Veneto, la Regione investe 30 milioni in nuove tecnologie per gli ospedali

La Giunta ha approvato la proposta dell’assessorato alla Sanità, che prevede l’acquisto di quasi 50 strumentazioni, tra cui tomografi assiali computerizzati, apparecchi per risonanze magnetiche e angiografi digitali

Nuovi apparecchi per risonanze magnetiche, angiografi digitali, tomografi assiali computerizzati e altre tecnologie per rinnovare il “parco macchine” degli ospedali. La Regione Veneto annuncia investimenti per un valore complessivo di 30 milioni di euro finalizzati all’acquisto di 47 nuove strumentazioni sanitarie, che entreranno in funzione tra quest’anno e il 2018. Lo prevede una delibera approvata dalla Giunta regionale, su proposta dell’assessore alla Sanità, Luca Coletto.

“Chi sta fermo in sanità in realtà arretra – commenta il presidente della Regione, Luca Zaia – e con questa vera e propria manovra virtuosa, la sanità veneta compie un consistente passo in avanti proprio nel settore delle alte tecnologie. Si tratta dei primi effetti dell’Azienda Zero, della programmazione pluriennale, della visione globale in linea con la rete ospedaliera, delle gare centralizzate”.

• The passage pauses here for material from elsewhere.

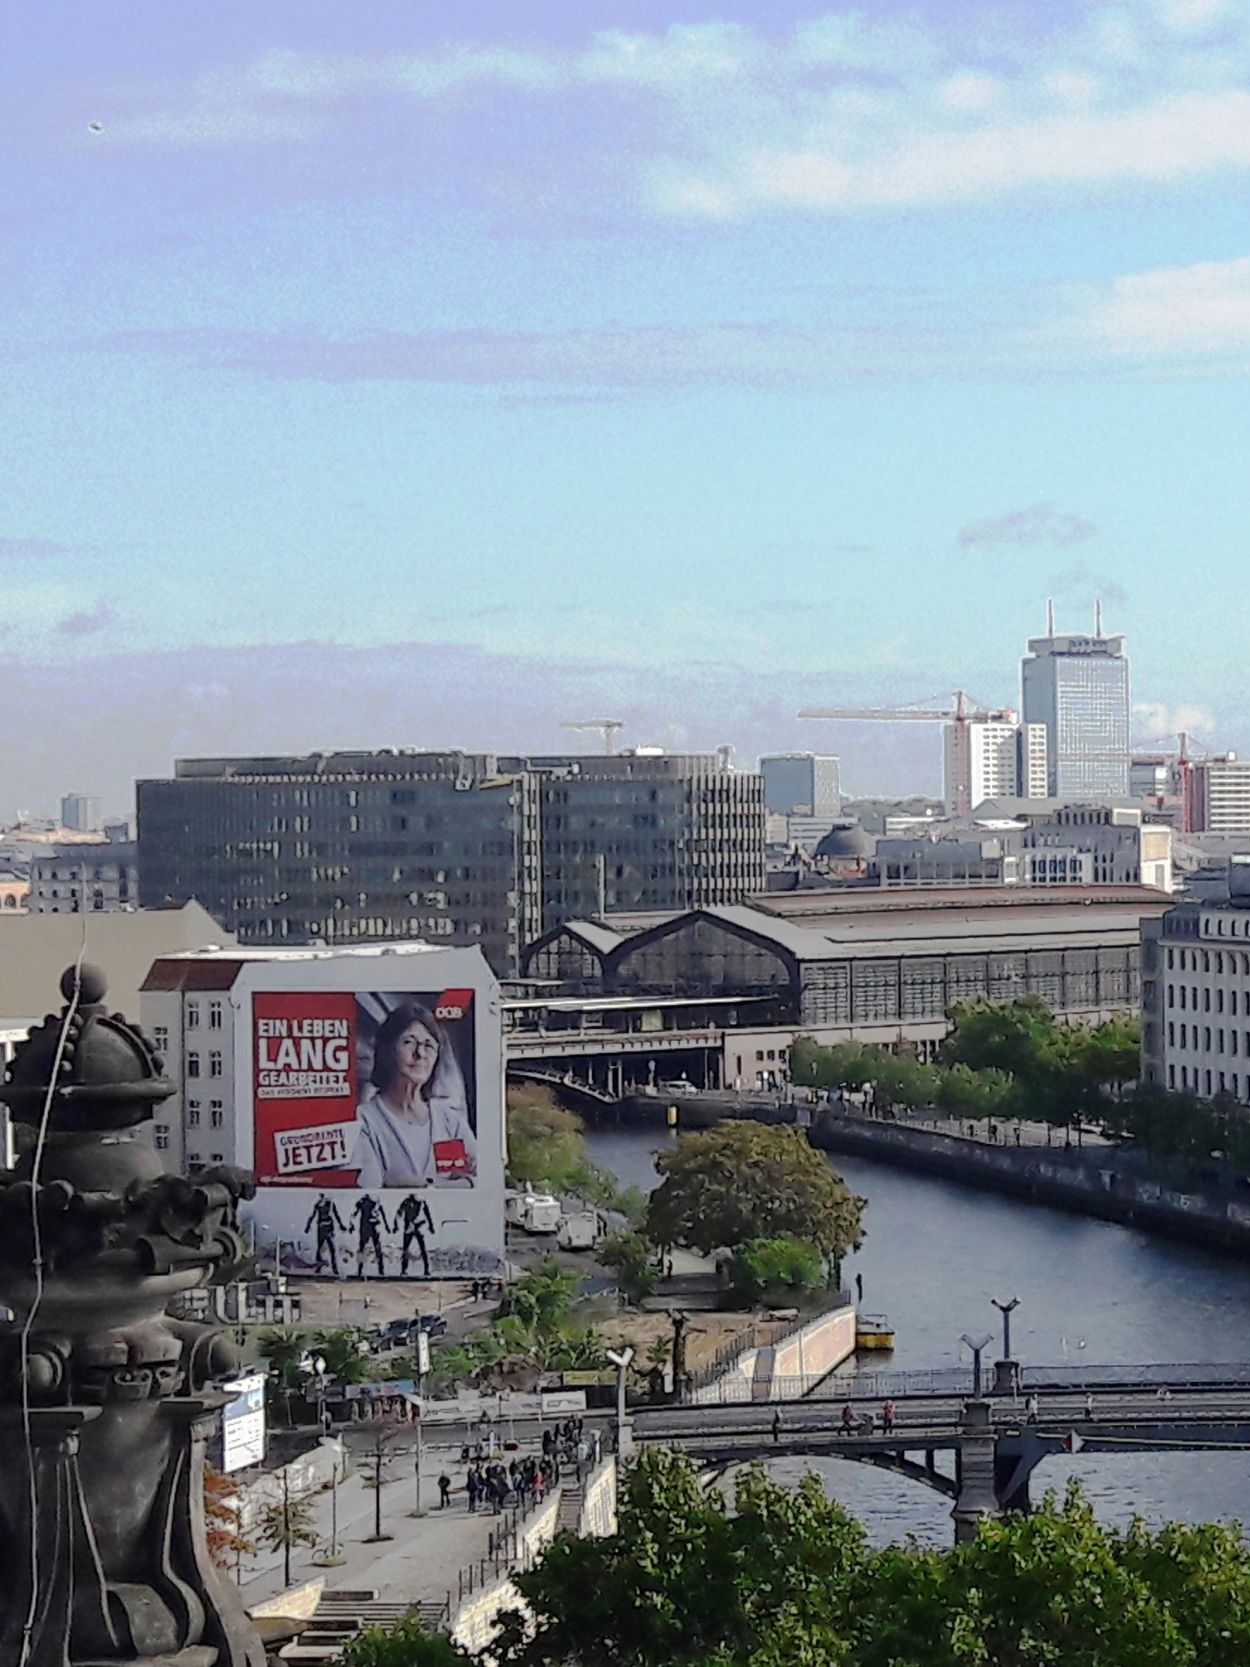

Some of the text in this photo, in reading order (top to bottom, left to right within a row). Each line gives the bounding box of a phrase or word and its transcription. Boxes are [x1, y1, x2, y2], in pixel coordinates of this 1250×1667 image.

[259, 1018, 348, 1037] EIN LEBEN
[259, 1038, 349, 1071] LANG
[282, 1139, 347, 1168] JETZT!

Con la stessa delibera, la Giunta regionale ha dato anche il via libera alla fornitura di sistemi diagnostici per immunoistochimica e alla gara per la fornitura triennale di sistemi completi di recupero sangue a basso e alto flusso per l’azienda ospedaliera di Verona; alla progettazione dell’appalto del servizio integrato di connettività ad alta velocità dell’azienda ospedaliera di Padova; alla sostituzione di un acceleratore lineare all’Ulss 2 Marca Trevigiana; all’acquisizione di un mammografo digitale con tomosintesi all’Ulss 4 Veneto Orientale.